Abstract

With the rapid development of deep learning, automatic lesion detection is used widely in clinical screening. To solve the problem that existing deep learning-based cervical precancerous lesion detection algorithms cannot meet high classification accuracy and fast running speed at the same time, a ShuffleNet-based cervical precancerous lesion classification method is proposed. By adding channel attention to the ShuffleNet, the network performance is improved. In this study, the image dataset is classified into five categories: normal, cervical cancer, LSIL (CIN1), HSIL (CIN2/CIN3), and cervical neoplasm. The colposcopy images are expanded to solve the problems of the lack of colposcopy images and the uneven distribution of images from each category. For the test dataset, the accuracy of the proposed CNN models is 81.23% and 81.38%. Our classifier achieved an AUC score of 0.99. The experimental results show that the colposcopy image classification network based on artificial intelligence has good performance in classification accuracy and model size, and it has high clinical applicability.

1. Introduction

Cervical cancer is the fourth most common female cancer. The statistics of WHO show roughly 604,000 new cases worldwide in 2020, accounting for 6.5% of all new cancer cases in women [1]. The early cure rate of cervical cancer is high, but the lack of signs and symptoms at this stage hinders the early diagnosis. A successful screening program can avoid cervical cancer death and reduce the incidence and persistence of the disease [2]. According to statistics, more than 311,000 cervical cancer deaths occur every year. Due to the lack of experienced health care staff and insufficient funds for the screening system, cervical cancer screening facilities are very scarce in developing countries [3]. Therefore, it is necessary to use automated and effective screening methods, to reduce the cost of early detection of cervical cancer. Cervical cancer screening follows the following workflow: HPV test, cytology or PAP smear test, colposcopy, and biopsy [4]. The PAP smear image screening is to take a small number of cell samples from the cervix of the uterus, placing them on glass slides, and then study whether they are abnormal under a microscope. This method is time-consuming and depends on the experience of pathologists. Different pathologists will see different results in the same film. The HPV test is a DNA test. PAP smear and HPV test are very expensive treatments with low sensitivity. Therefore, colposcopy is widely used in developing countries. Colposcopy identifies cervical lesions by using a low magnification microscope under a strong light source [5]. Its accuracy highly depends on the skills of physicians. There are significant differences in the detection rate of lesions among different colposcopy physicians. This has aroused people’s attention to the insufficient diagnosis of lesions (including missed diagnosis of cervical cancer) and excessive diagnosis of lesions [69]. Excessive diagnosis of lesions may lead to the excessive treatment of low-grade cervical lesions, increasing the risk of infection and economic burden [10].

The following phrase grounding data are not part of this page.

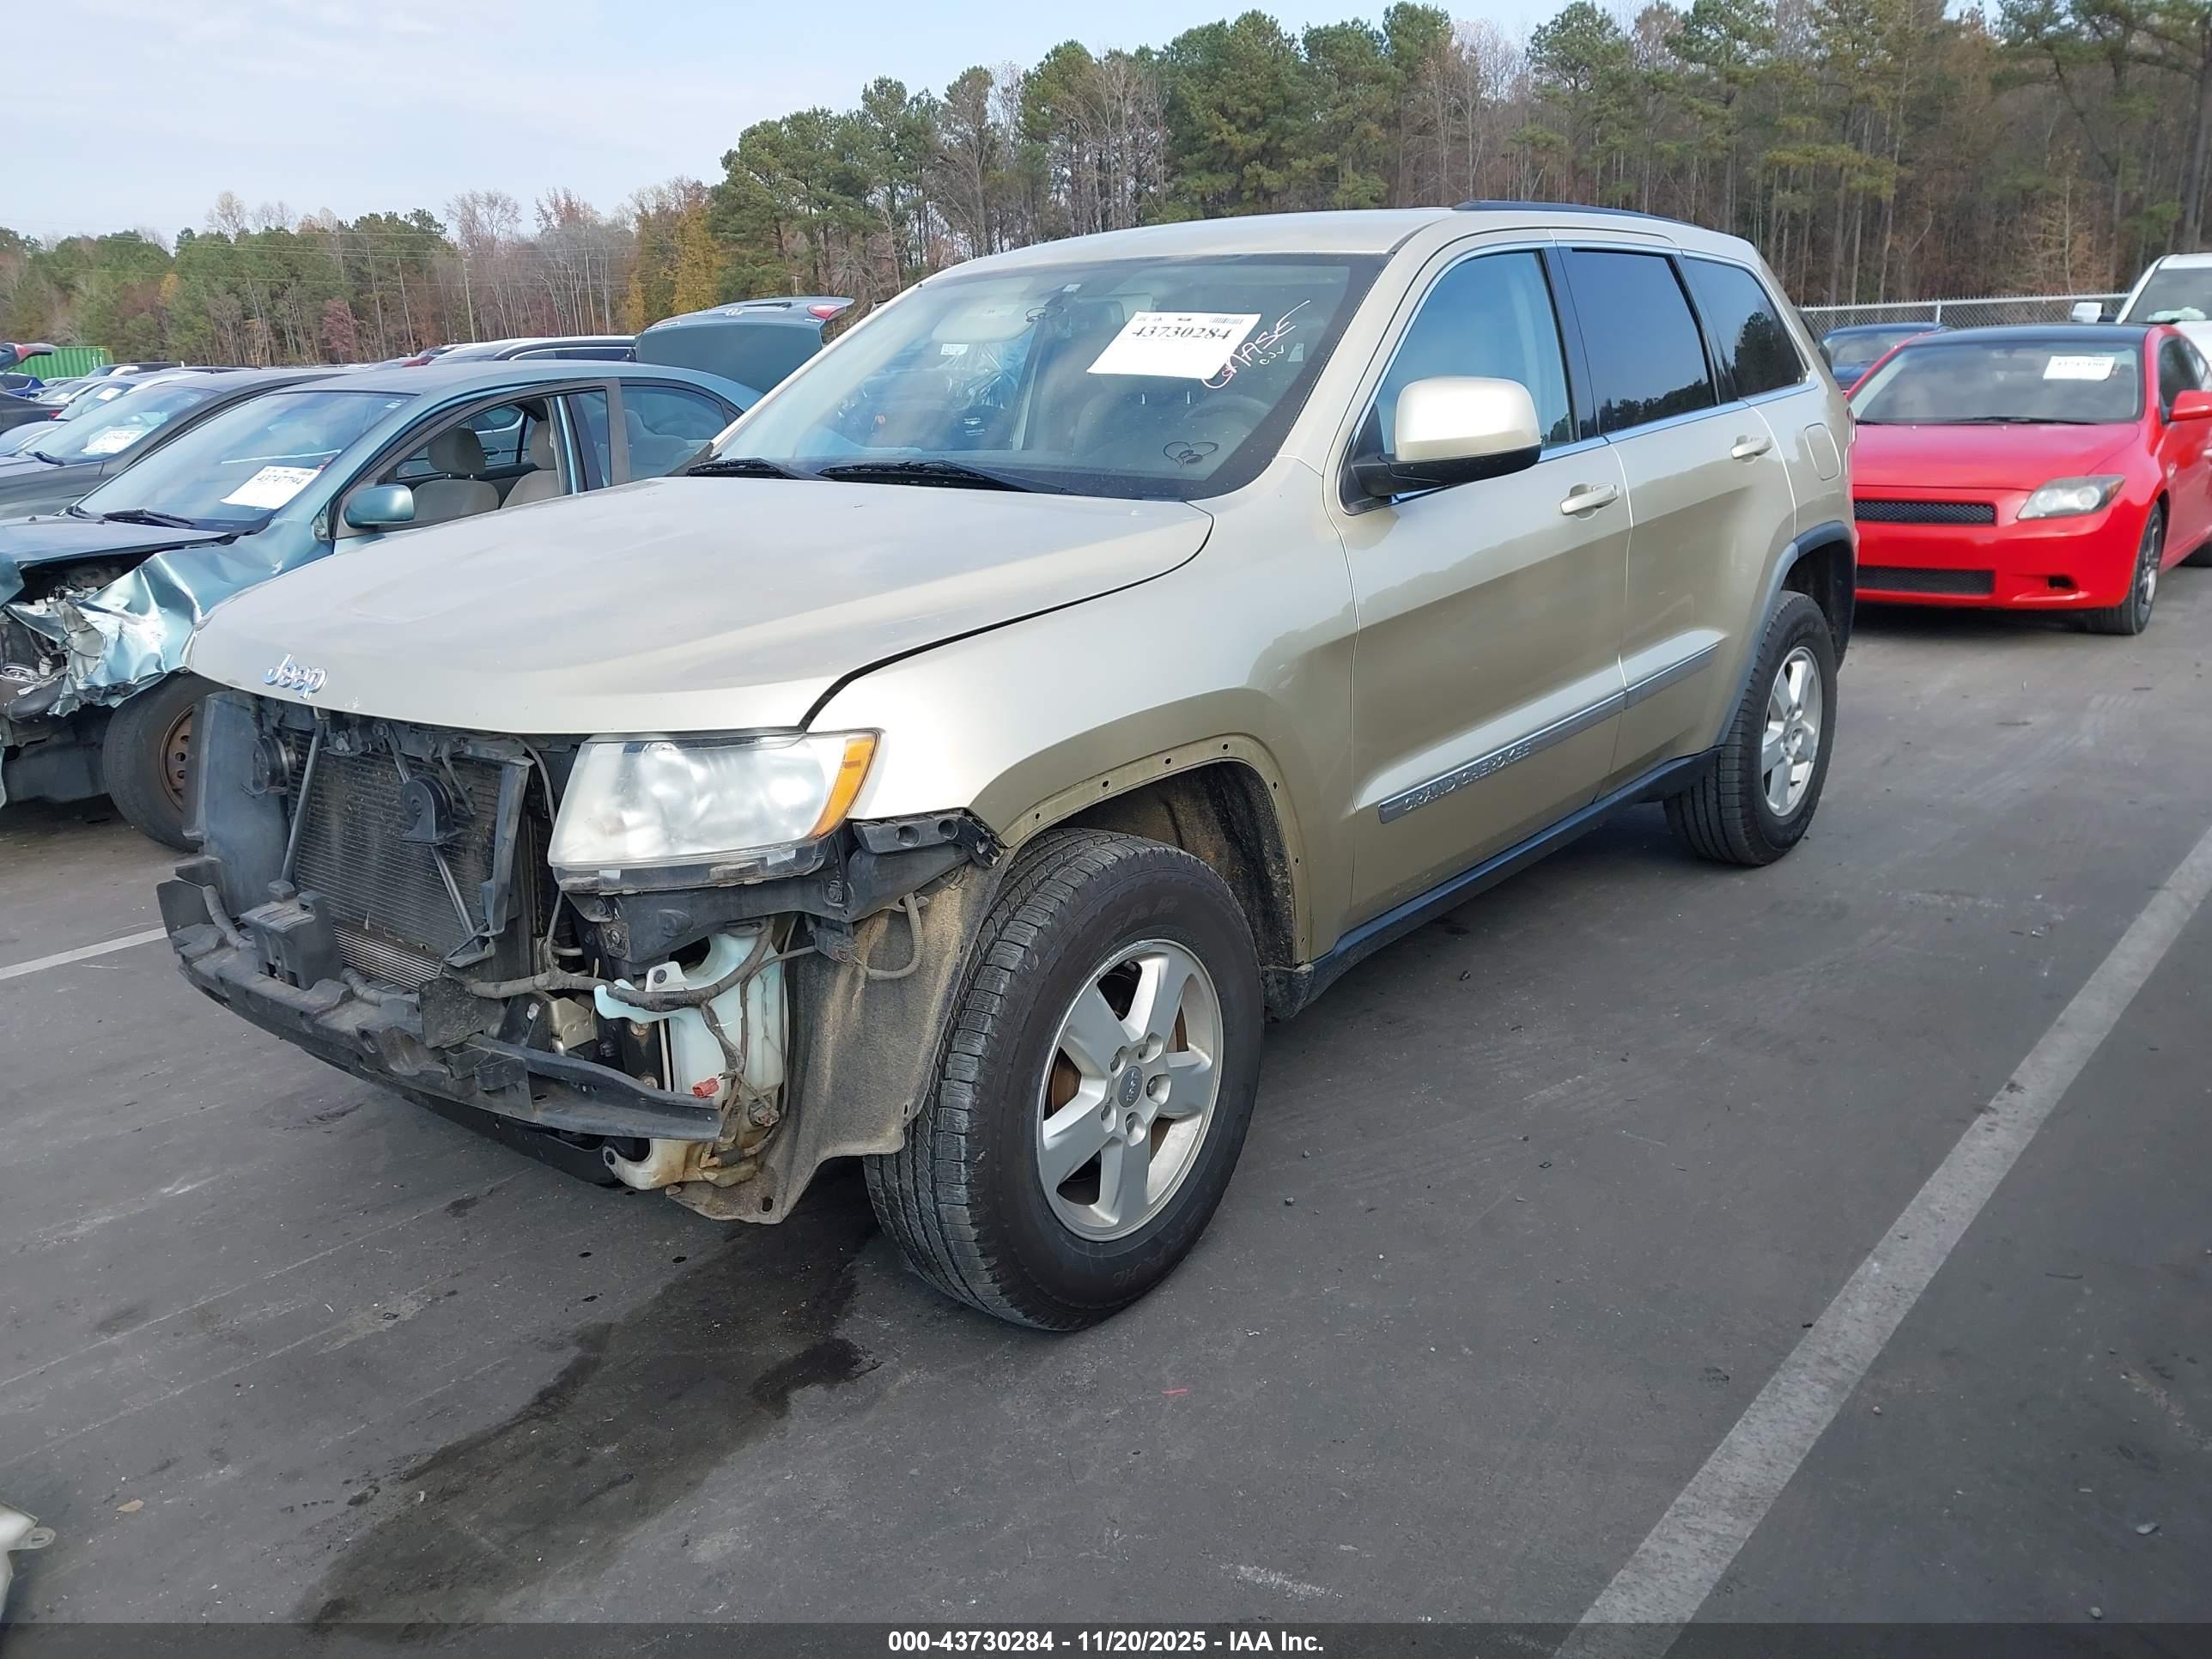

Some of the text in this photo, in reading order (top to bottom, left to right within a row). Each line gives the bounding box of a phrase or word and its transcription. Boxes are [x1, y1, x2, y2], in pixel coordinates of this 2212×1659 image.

[1132, 325, 1232, 340] 43730284
[262, 653, 328, 700] Jeep
[1404, 741, 1533, 811] GRAND CHEROKEE
[1126, 1071, 1139, 1103] Jeep
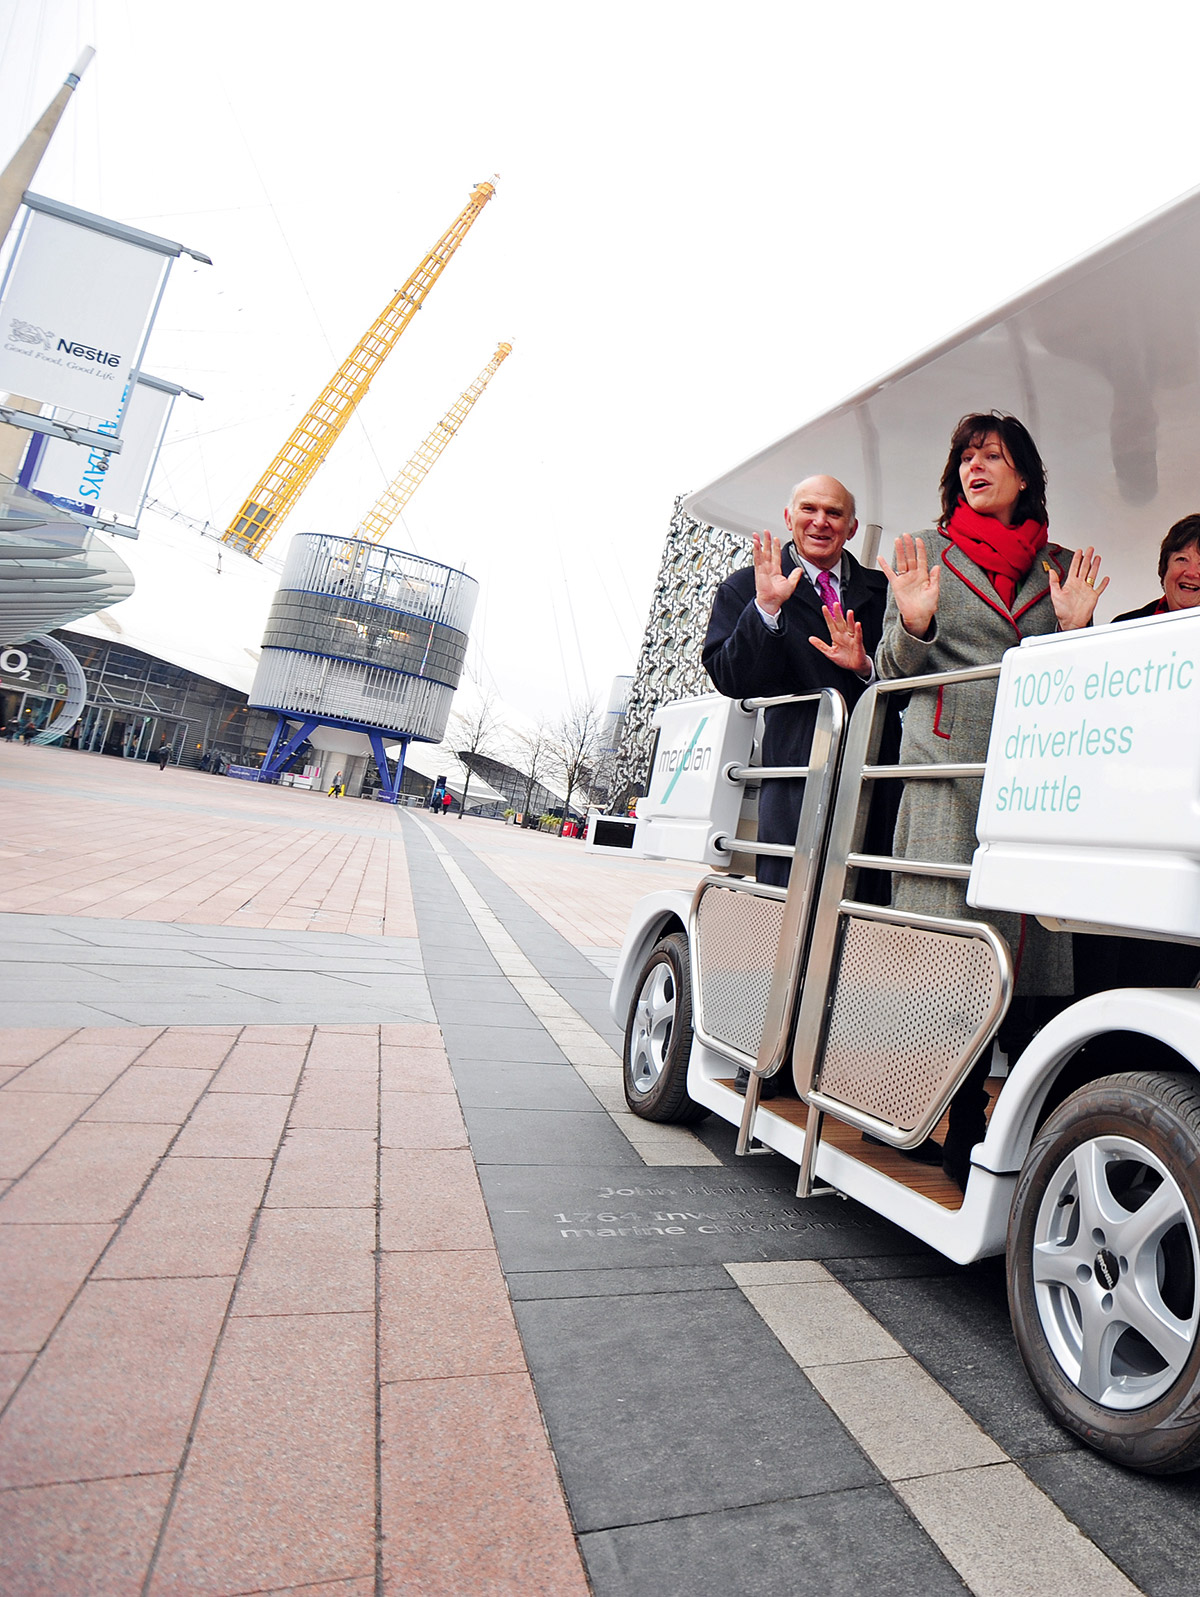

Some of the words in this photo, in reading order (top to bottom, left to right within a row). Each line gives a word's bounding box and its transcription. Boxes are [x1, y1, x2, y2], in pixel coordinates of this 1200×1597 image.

In recent years, deep learning has gradually become popular in the field of medicine. The purpose of medical image processing is to restore the original unclear image, to highlight some characteristic information in the image, or to classify the image. Medical images include MRI, CT, ultrasound images, and blood smear images [11, 12]. Convolutional neural network (CNN) is an important end-to-end deep learning model [13], which is mainly used in image recognition, segmentation, and target detection in medical image processing. Ai-assisted colposcopy can help colposcopy specialists improve their diagnostic performance, optimize clinical workflow, and relieve pressure on colposcopy physicians and hospitals, which has great potential to improve cervical cancer screening performance.

We propose a method for the classification of cervical precancerous lesions based on deep learning. The main contributions of this paper are as follows:(i)Different grades of cervical precancerous lesions, cervical neoplasm, and cervical cancer were classified.(ii)A deep inverted residual network based on the improved additional channel attention of ShuffleNet is proposed.(iii)Compared with the traditional residual network, the inverted residual network can not only ensure the automatic extraction of features in the image but also reduce the amount of calculation and improve the calculation speed of the model.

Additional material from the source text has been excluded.